= Beginning of Section =

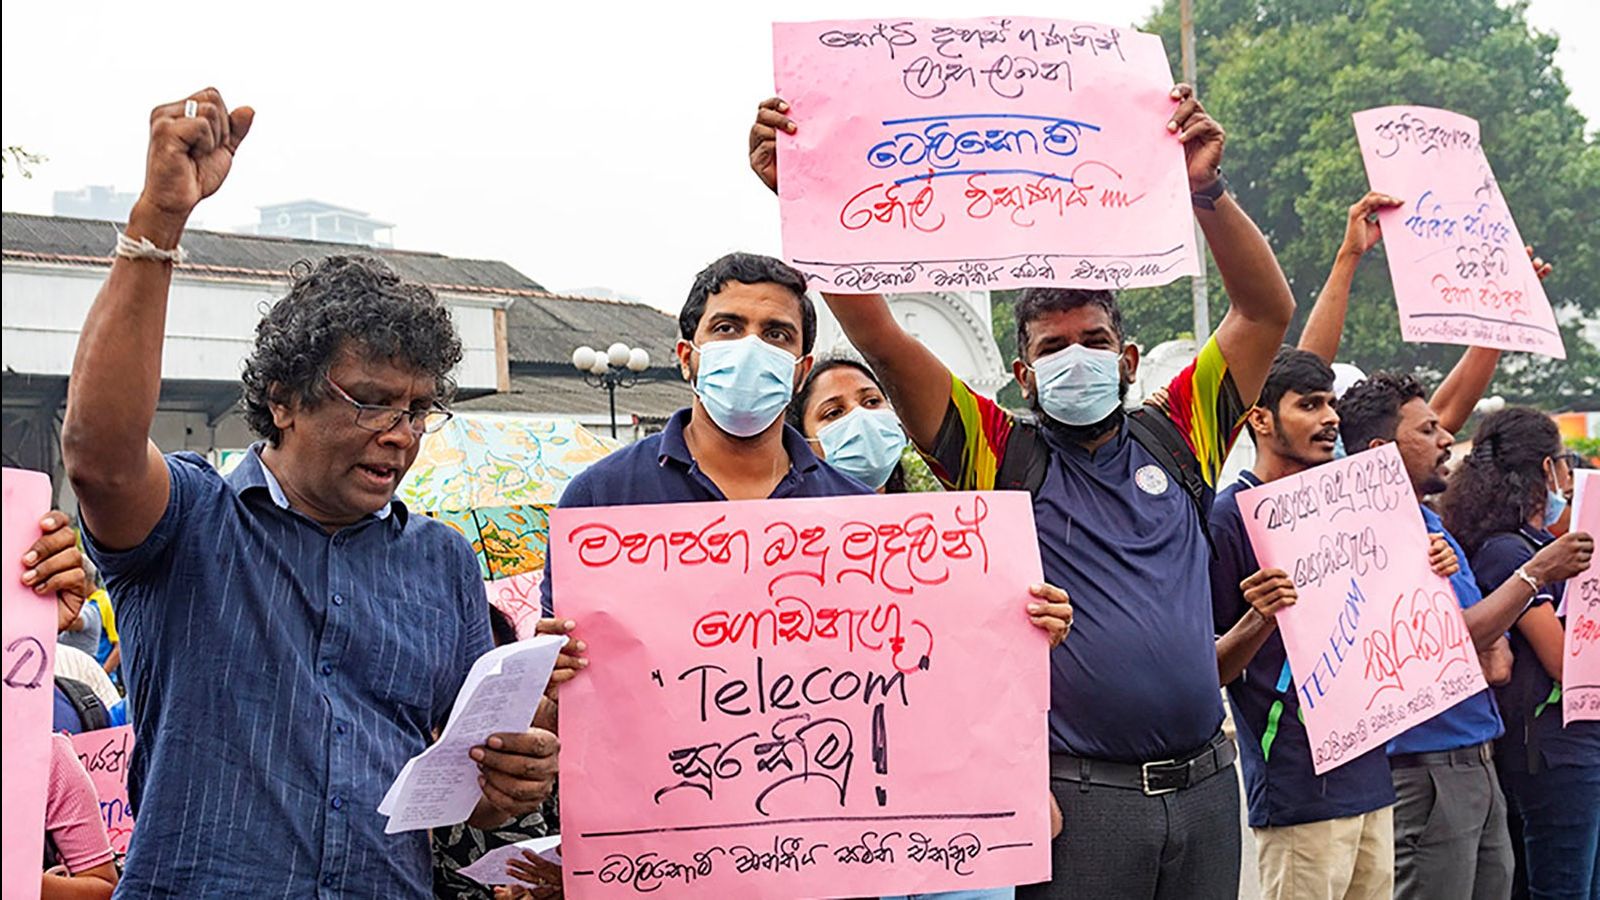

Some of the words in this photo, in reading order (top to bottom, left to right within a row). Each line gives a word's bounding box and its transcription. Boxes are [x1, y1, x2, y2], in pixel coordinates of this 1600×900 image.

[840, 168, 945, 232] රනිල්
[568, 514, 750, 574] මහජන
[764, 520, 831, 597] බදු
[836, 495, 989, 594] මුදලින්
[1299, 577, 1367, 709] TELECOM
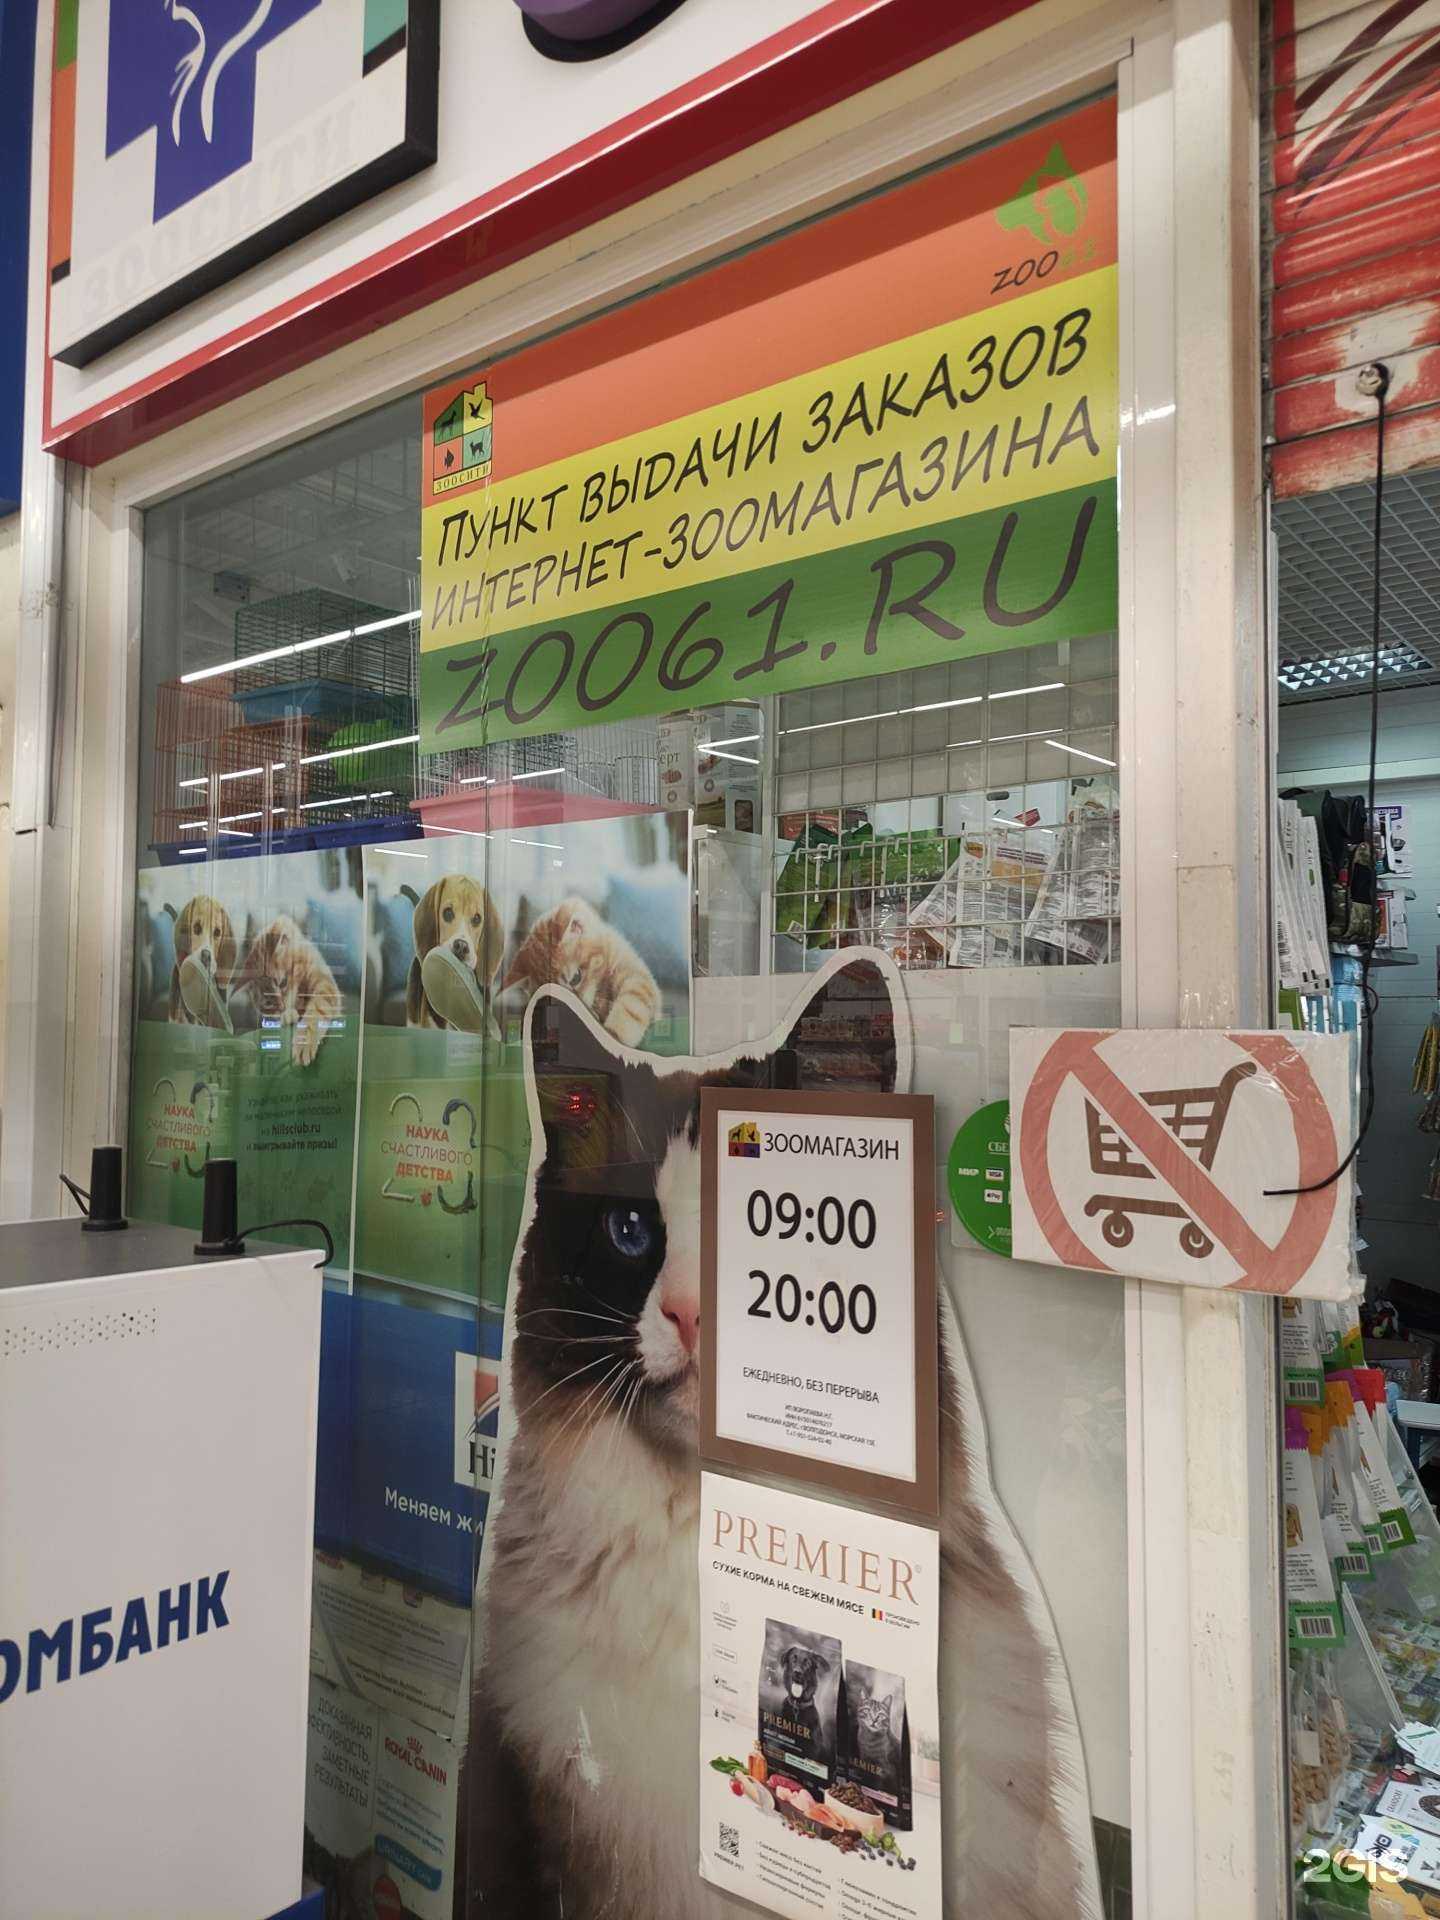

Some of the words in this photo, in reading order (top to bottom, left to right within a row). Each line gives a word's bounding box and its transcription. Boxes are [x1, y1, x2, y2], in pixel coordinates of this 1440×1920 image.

= End of Section =

**YOUR ASSIGNMENT:** Leaving the pictures out, give back each line above exactly.

**REPLY TO THE TASK:**
Some of the words in this photo, in reading order (top to bottom, left to right within a row). Each line gives a word's bounding box and its transcription. Boxes are [x1, y1, x2, y2], in pixel coordinates of this 1600×900 image.

[840, 168, 945, 232] රනිල්
[568, 514, 750, 574] මහජන
[764, 520, 831, 597] බදු
[836, 495, 989, 594] මුදලින්
[1299, 577, 1367, 709] TELECOM

Some of the words in this photo, in reading order (top to bottom, left to right within a row). Each line gives a word's bounding box and its transcription. Boxes are [x1, y1, x2, y2], in pixel coordinates of this 1440×1920 image.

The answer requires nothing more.